[Saved entries]
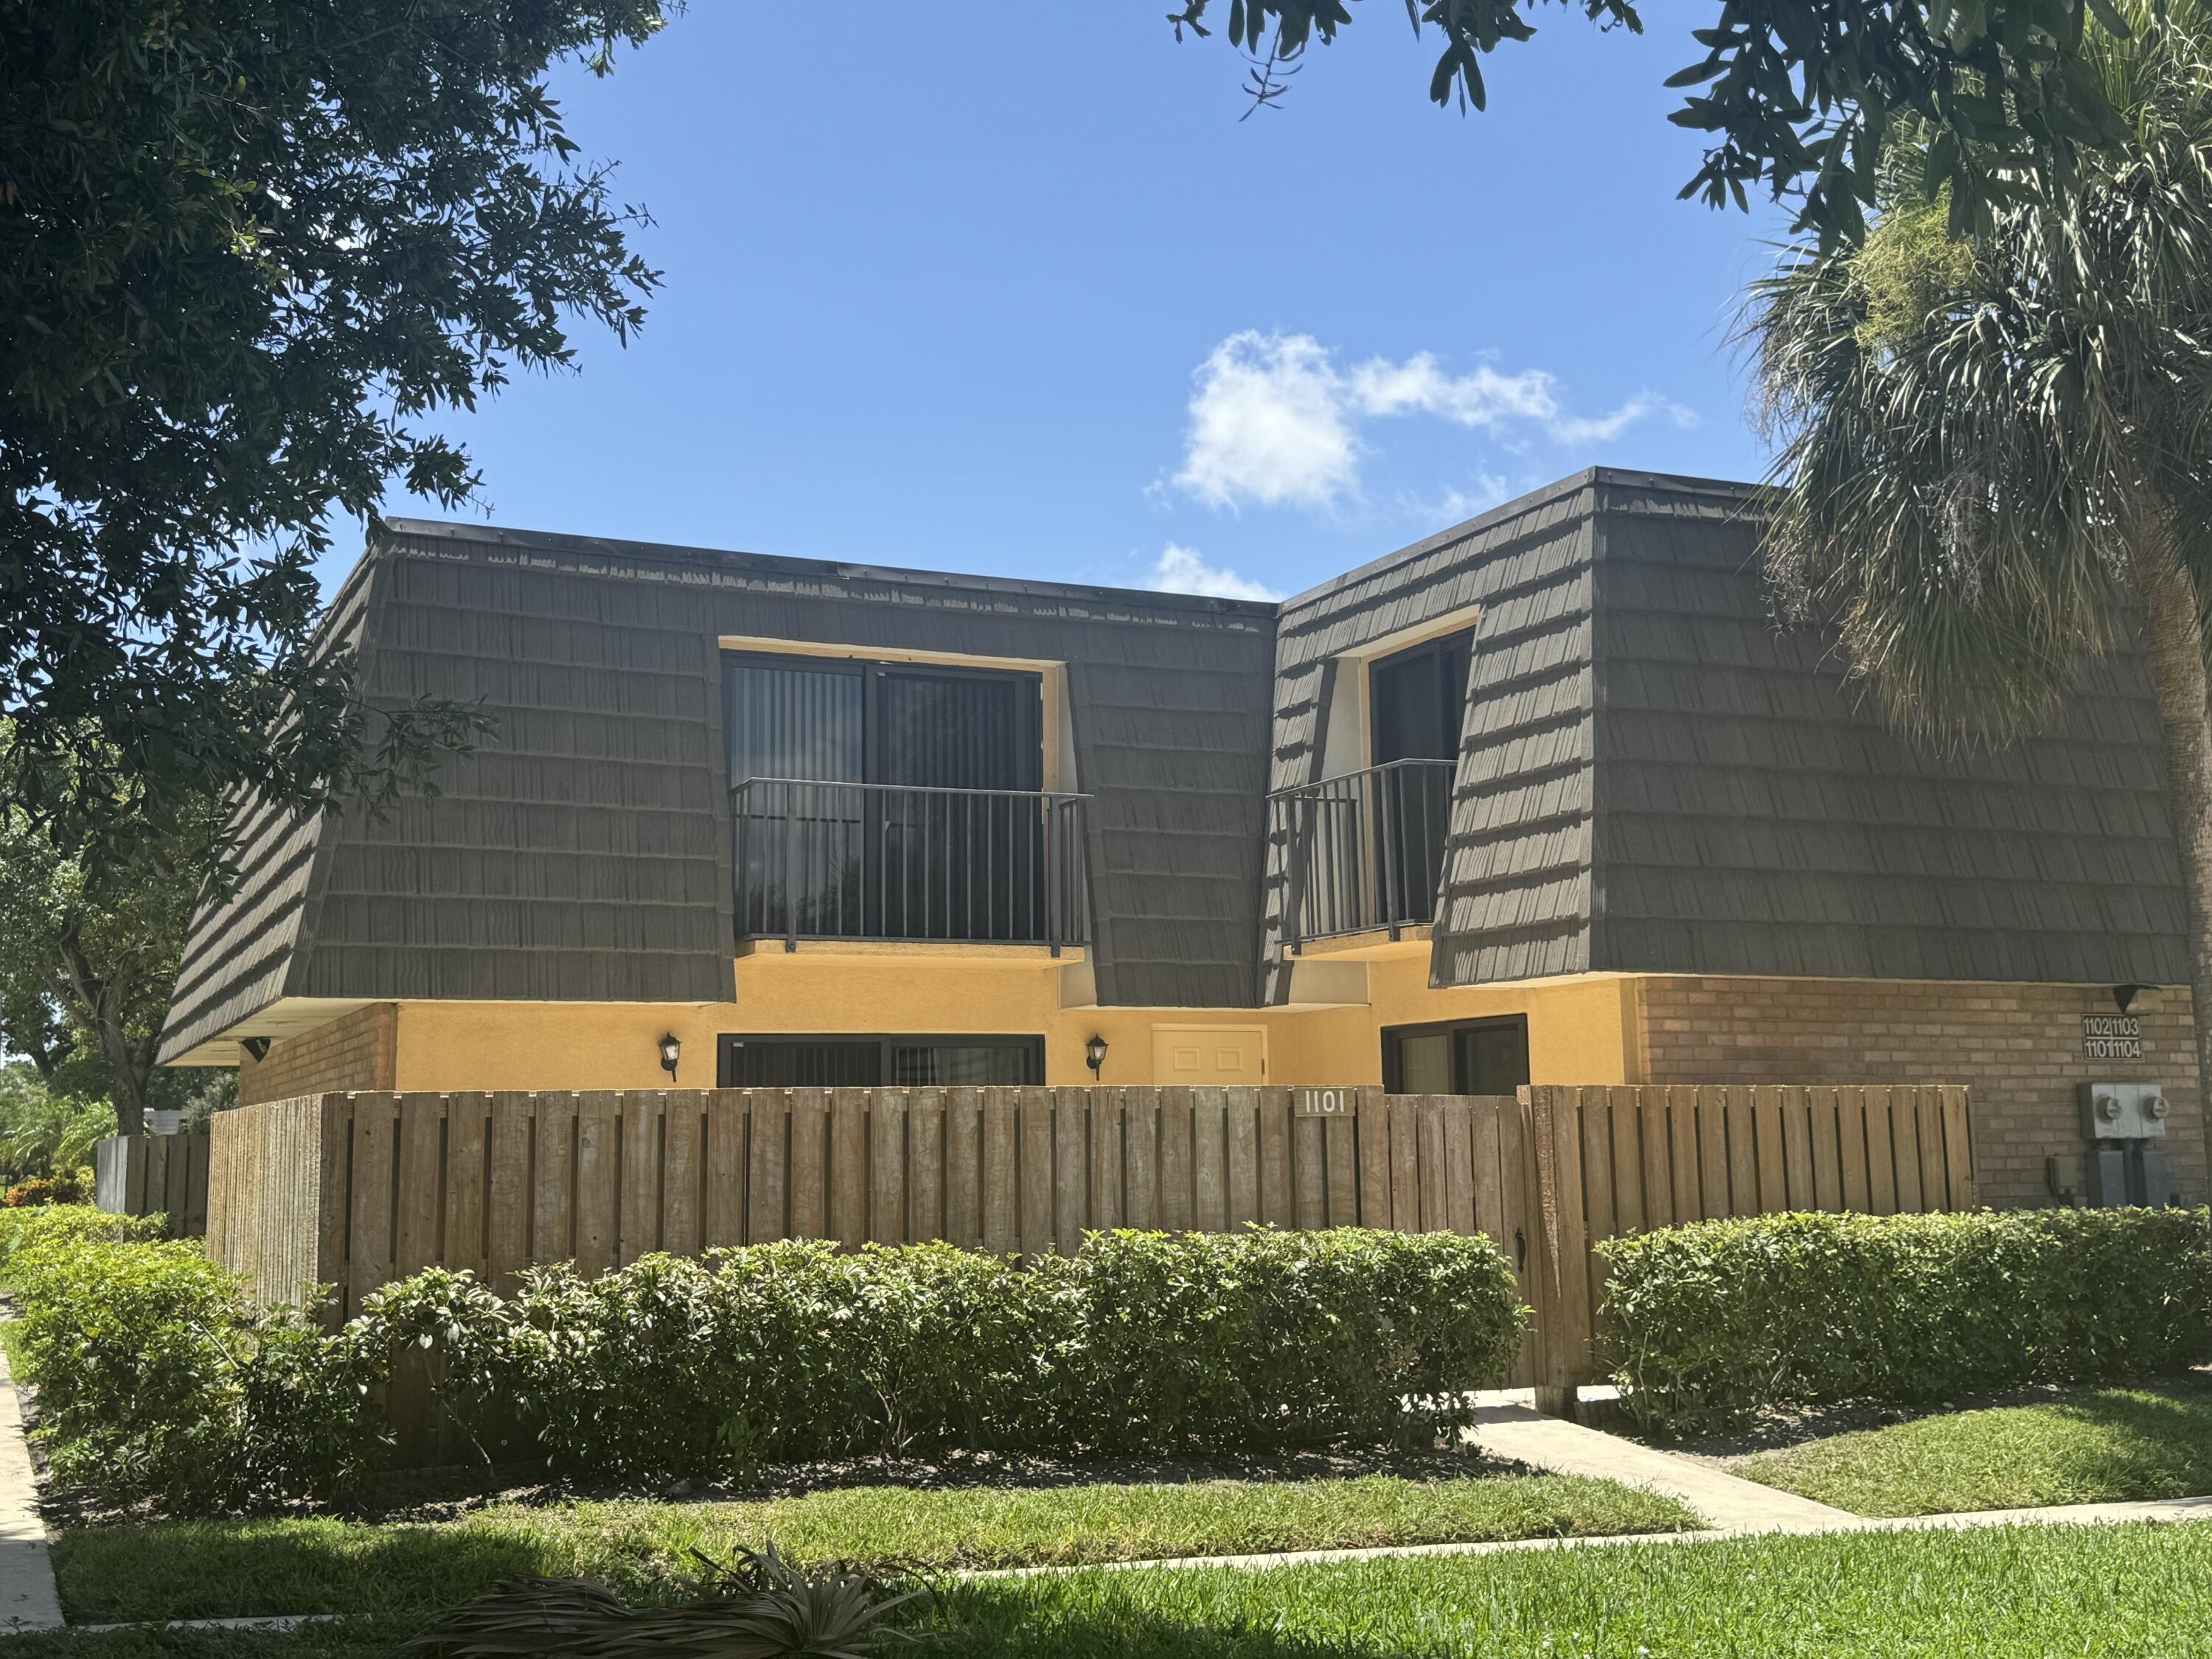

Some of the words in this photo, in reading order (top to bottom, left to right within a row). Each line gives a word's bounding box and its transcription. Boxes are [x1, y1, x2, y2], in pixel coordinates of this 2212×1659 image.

[2084, 1018, 2110, 1034] 1102
[2112, 1018, 2138, 1035] 1103
[2085, 1040, 2112, 1057] 1101
[2114, 1040, 2141, 1057] 1104
[1305, 1090, 1344, 1113] 1101
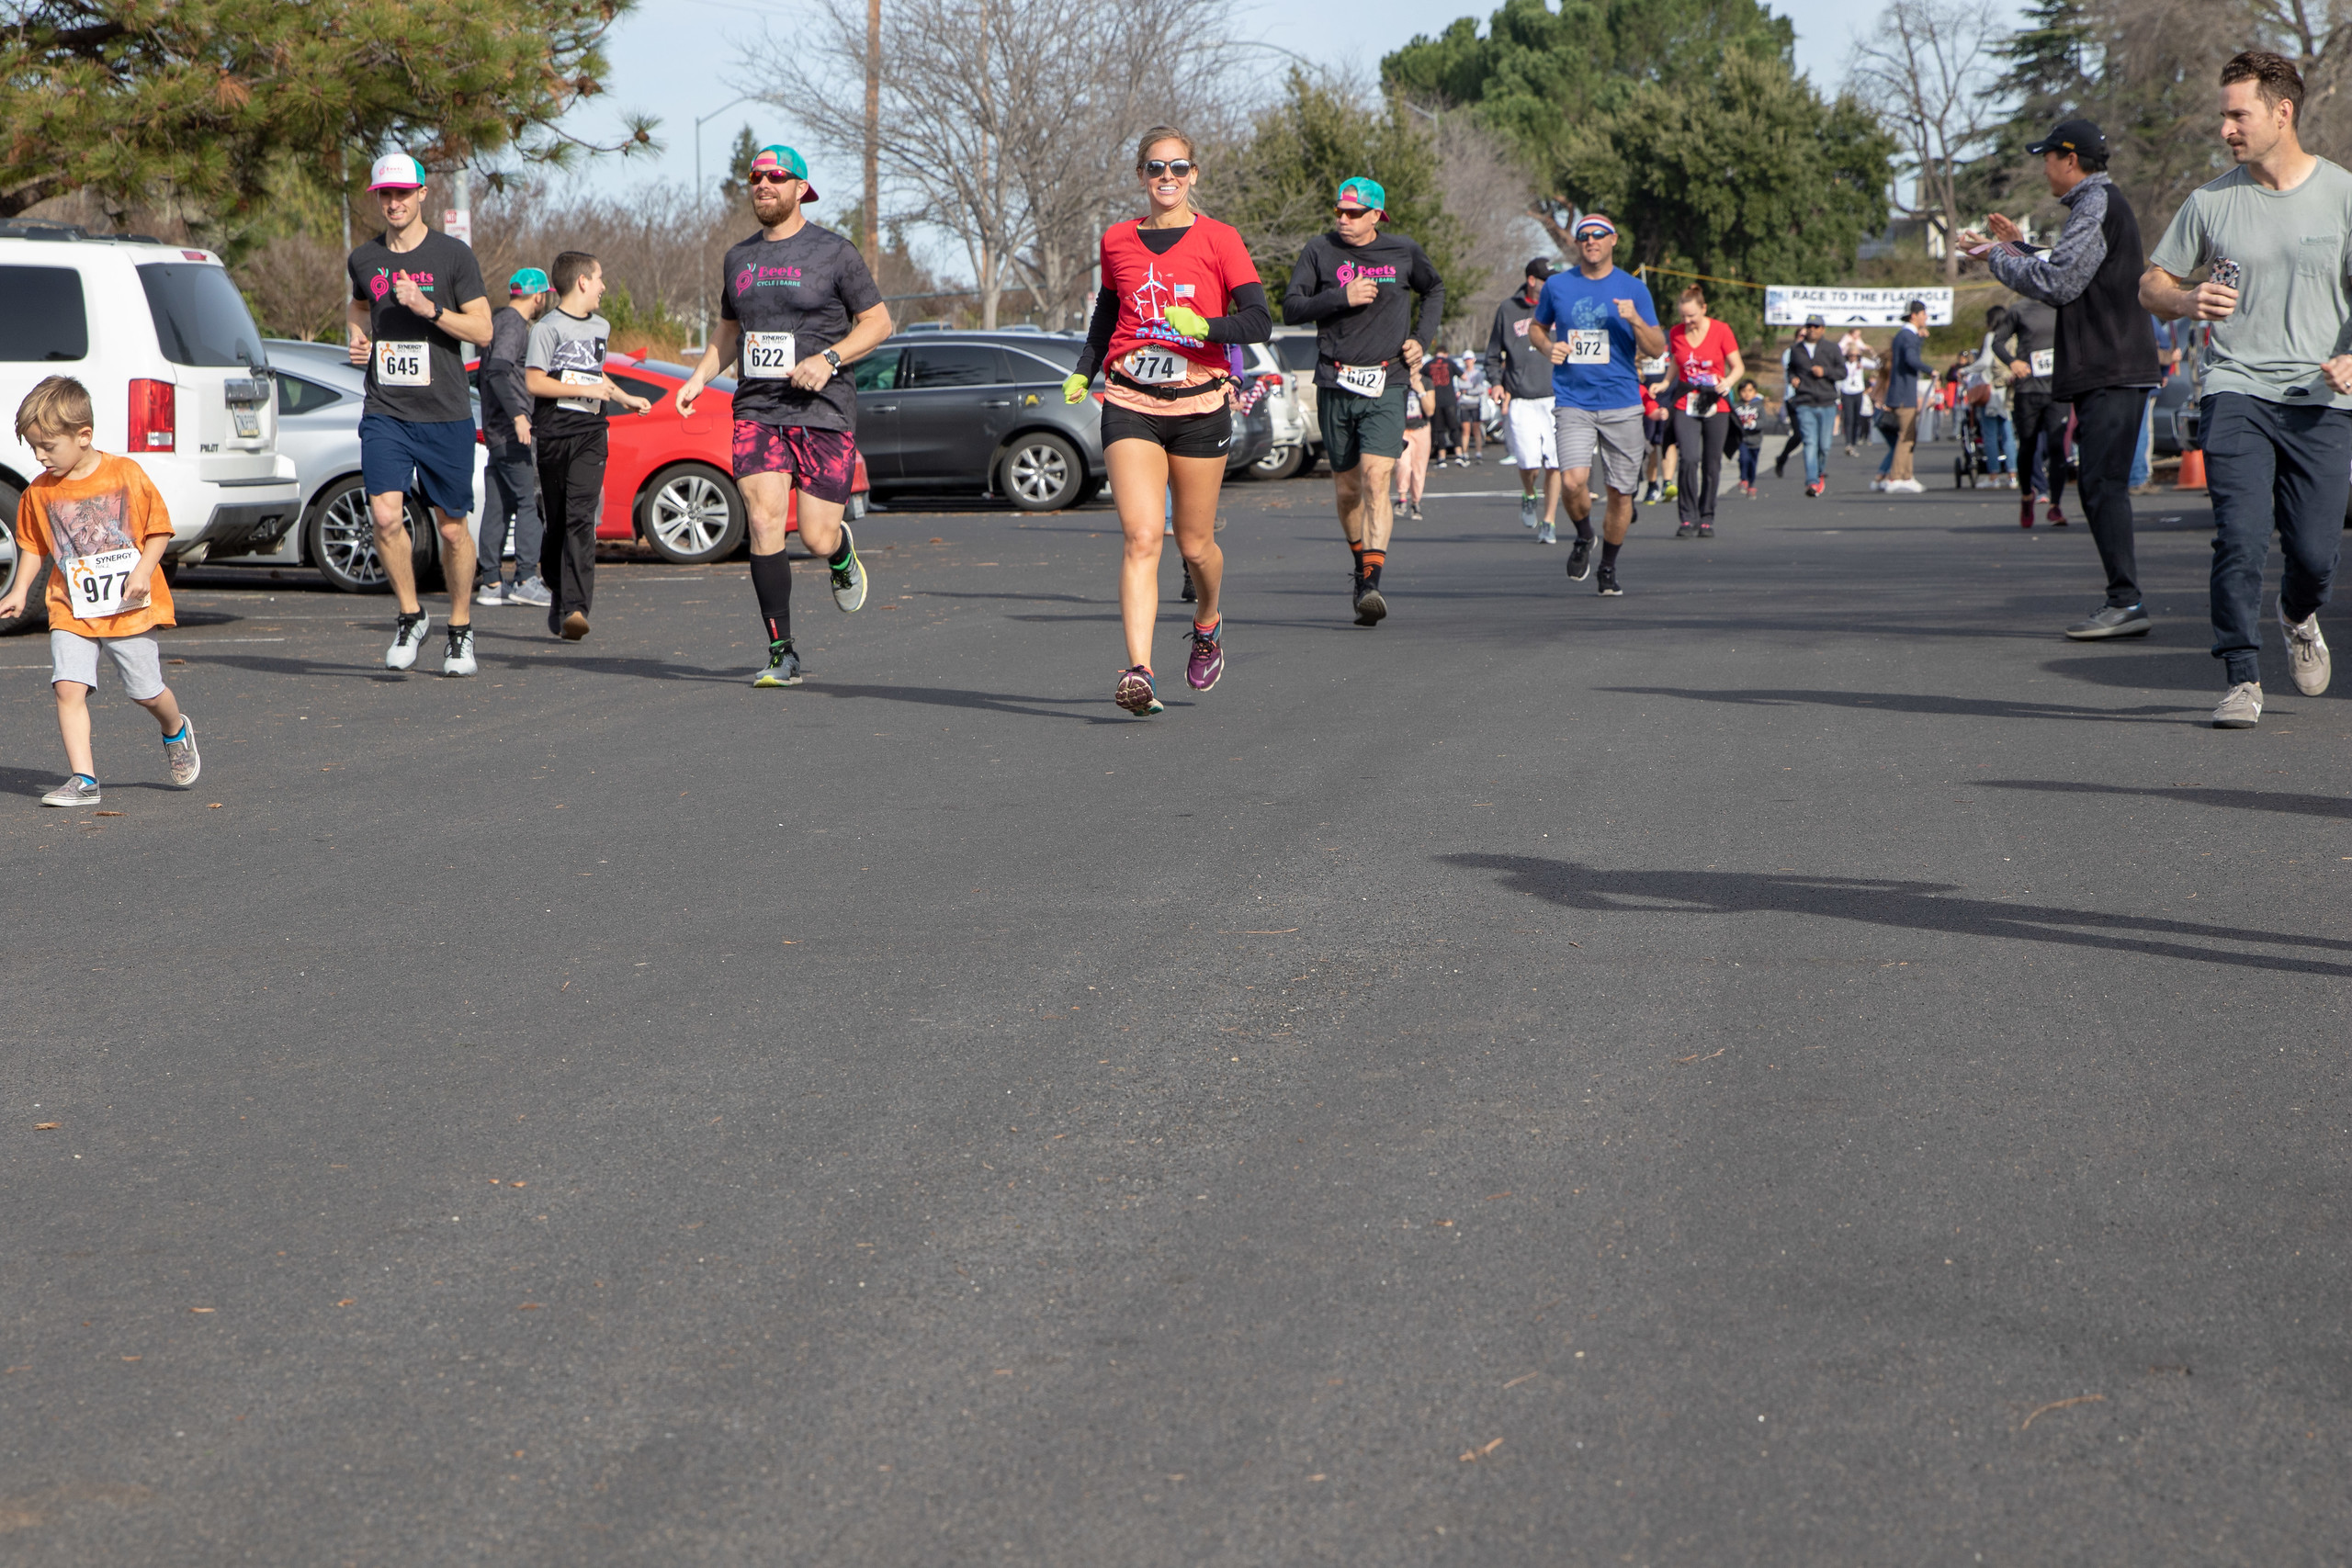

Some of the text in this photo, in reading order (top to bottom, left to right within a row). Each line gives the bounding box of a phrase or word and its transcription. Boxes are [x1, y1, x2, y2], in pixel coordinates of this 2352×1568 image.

[392, 271, 435, 284] Bets
[758, 266, 802, 277] Beets
[1357, 265, 1396, 276] Beets
[779, 279, 801, 288] BARRE
[1792, 290, 1826, 301] RACE
[1831, 292, 1849, 301] TO
[1853, 292, 1877, 302] THE
[1882, 290, 1950, 302] FLAGPOLE
[1576, 341, 1601, 355] 972
[752, 347, 785, 367] 622
[387, 356, 419, 376] 645
[1134, 356, 1174, 378] 774
[1347, 370, 1375, 388] 602
[199, 444, 220, 453] PILOT
[96, 551, 133, 565] SYNERGY
[83, 570, 130, 604] 977

▶ _INSTRUCTIONS TO FOLLOW_:
Please retype, without any change, the line containing "Some of the text" and every line after it to the end of the entries above, and only those.

▶ _ANSWER BOX_:
Some of the text in this photo, in reading order (top to bottom, left to right within a row). Each line gives the bounding box of a phrase or word and its transcription. Boxes are [x1, y1, x2, y2], in pixel coordinates of this 2352×1568 image.

[392, 271, 435, 284] Bets
[758, 266, 802, 277] Beets
[1357, 265, 1396, 276] Beets
[779, 279, 801, 288] BARRE
[1792, 290, 1826, 301] RACE
[1831, 292, 1849, 301] TO
[1853, 292, 1877, 302] THE
[1882, 290, 1950, 302] FLAGPOLE
[1576, 341, 1601, 355] 972
[752, 347, 785, 367] 622
[387, 356, 419, 376] 645
[1134, 356, 1174, 378] 774
[1347, 370, 1375, 388] 602
[199, 444, 220, 453] PILOT
[96, 551, 133, 565] SYNERGY
[83, 570, 130, 604] 977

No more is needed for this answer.